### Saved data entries
■ ■ ■ ■ ■
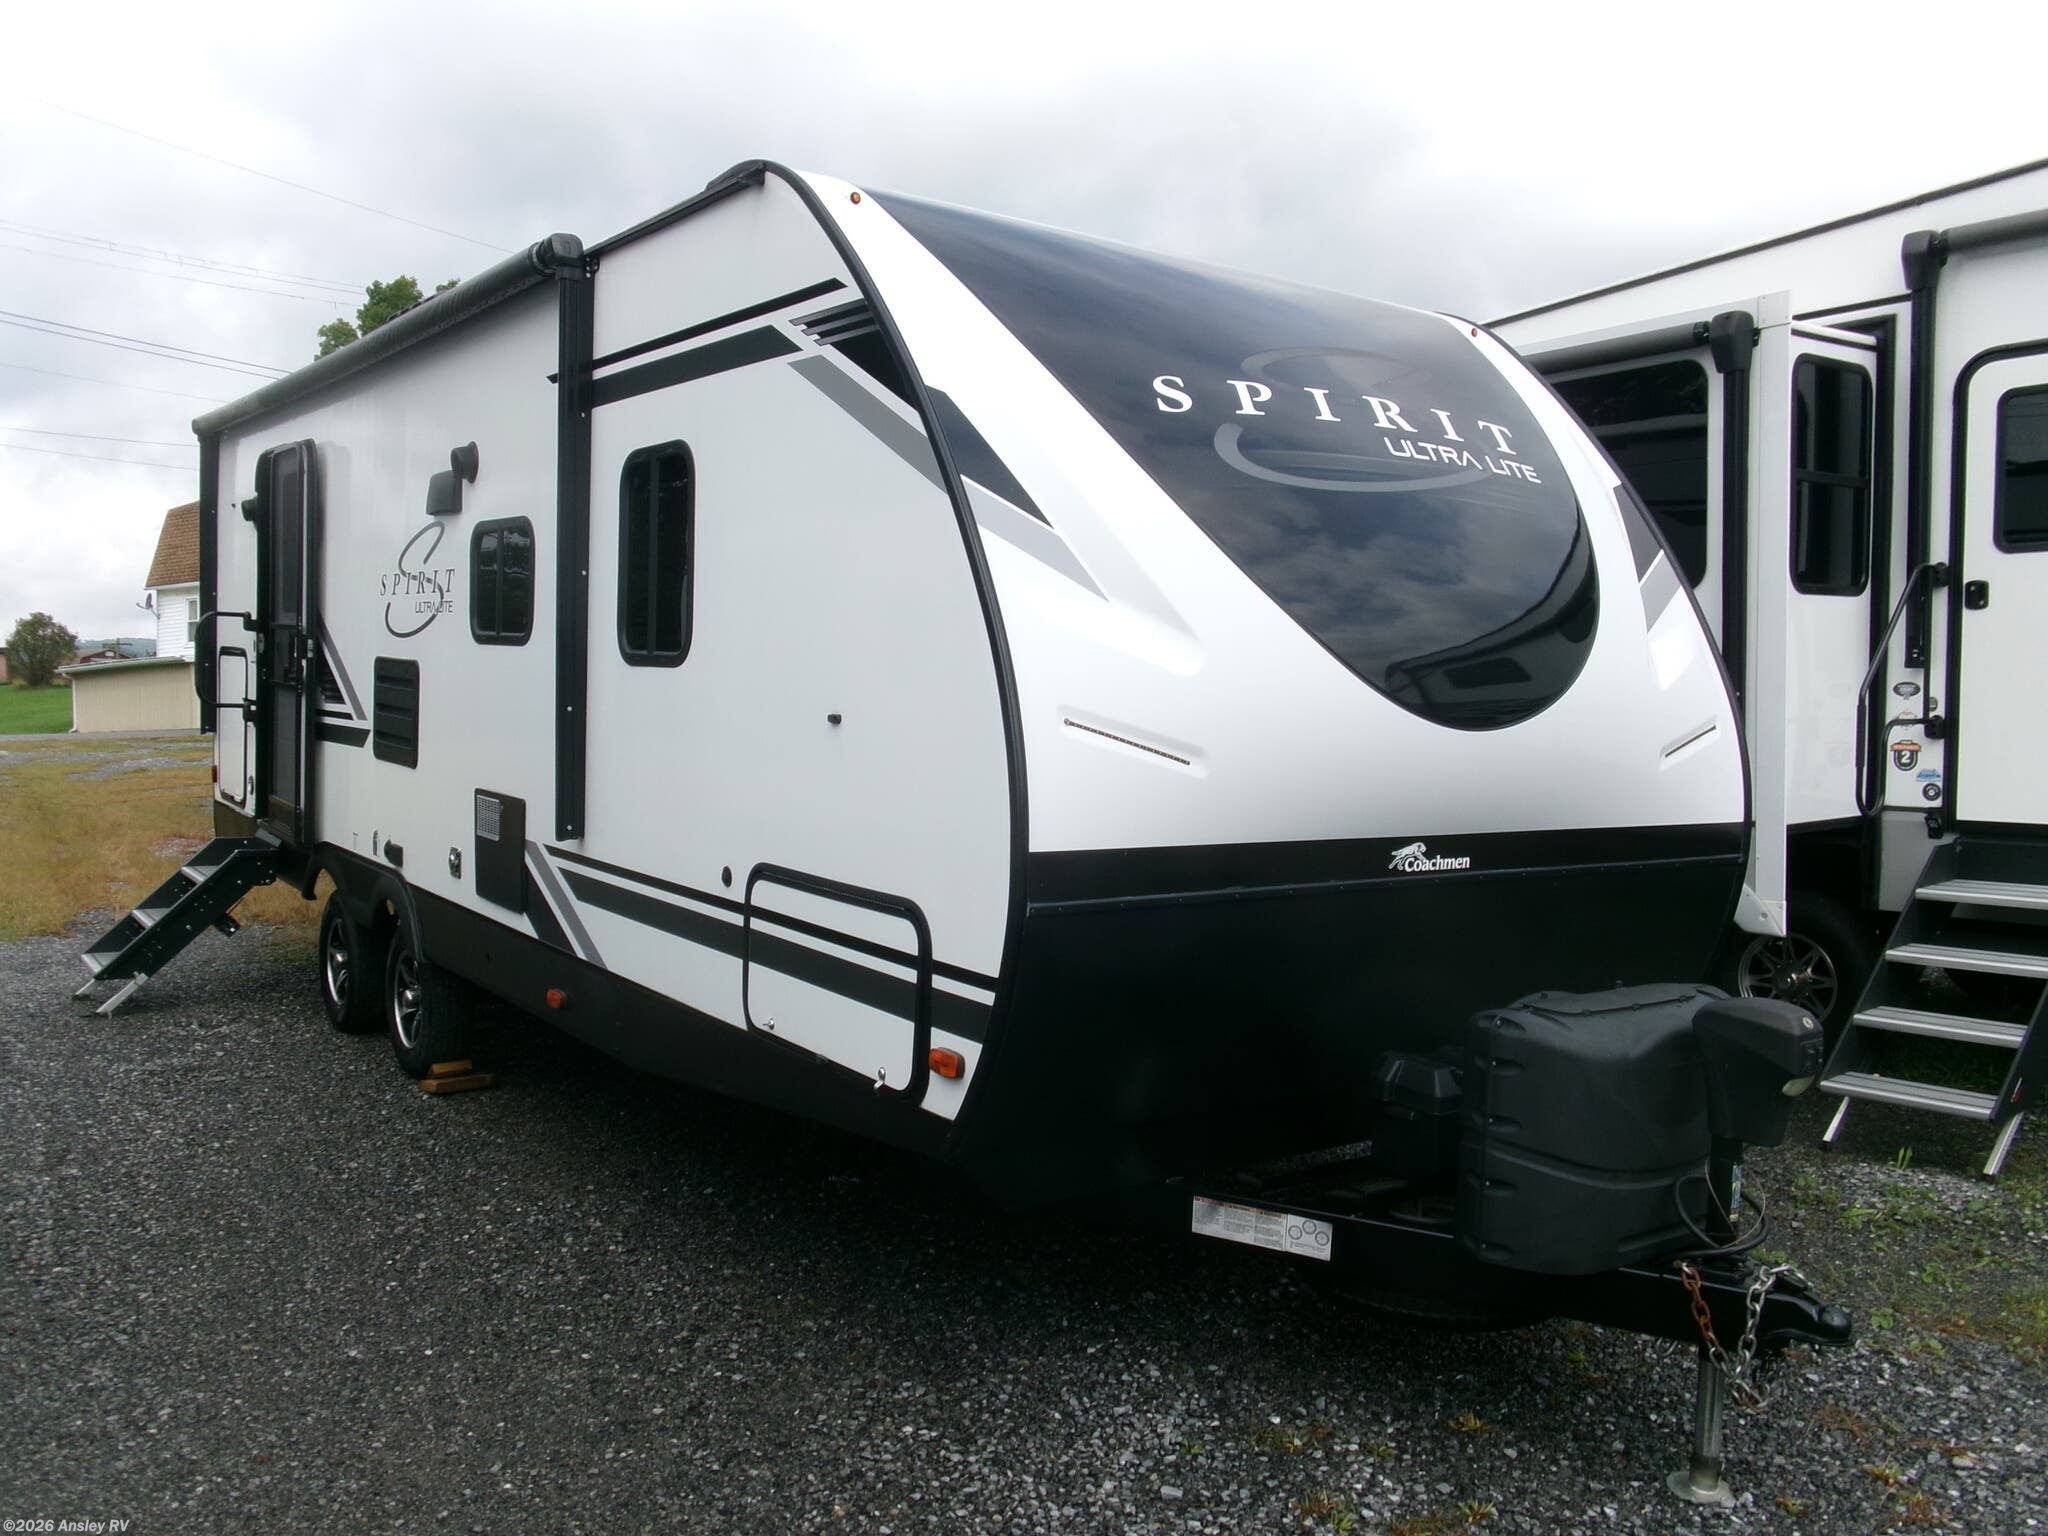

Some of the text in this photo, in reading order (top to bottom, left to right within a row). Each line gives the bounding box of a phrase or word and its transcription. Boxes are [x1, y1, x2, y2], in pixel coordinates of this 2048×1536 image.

[1152, 375, 1517, 455] SPIRIT
[1383, 436, 1543, 484] ULTRA LITE
[380, 568, 455, 596] SPIRIT
[415, 600, 438, 614] ULTRA
[1900, 750, 1912, 764] 2
[1404, 854, 1470, 872] Coachmen
■ ■ ■ ■ ■
### Action item
Write the lines above out again exactly, without any of their pictures.

### Response area
Some of the text in this photo, in reading order (top to bottom, left to right within a row). Each line gives the bounding box of a phrase or word and its transcription. Boxes are [x1, y1, x2, y2], in pixel coordinates of this 2048×1536 image.

[1152, 375, 1517, 455] SPIRIT
[1383, 436, 1543, 484] ULTRA LITE
[380, 568, 455, 596] SPIRIT
[415, 600, 438, 614] ULTRA
[1900, 750, 1912, 764] 2
[1404, 854, 1470, 872] Coachmen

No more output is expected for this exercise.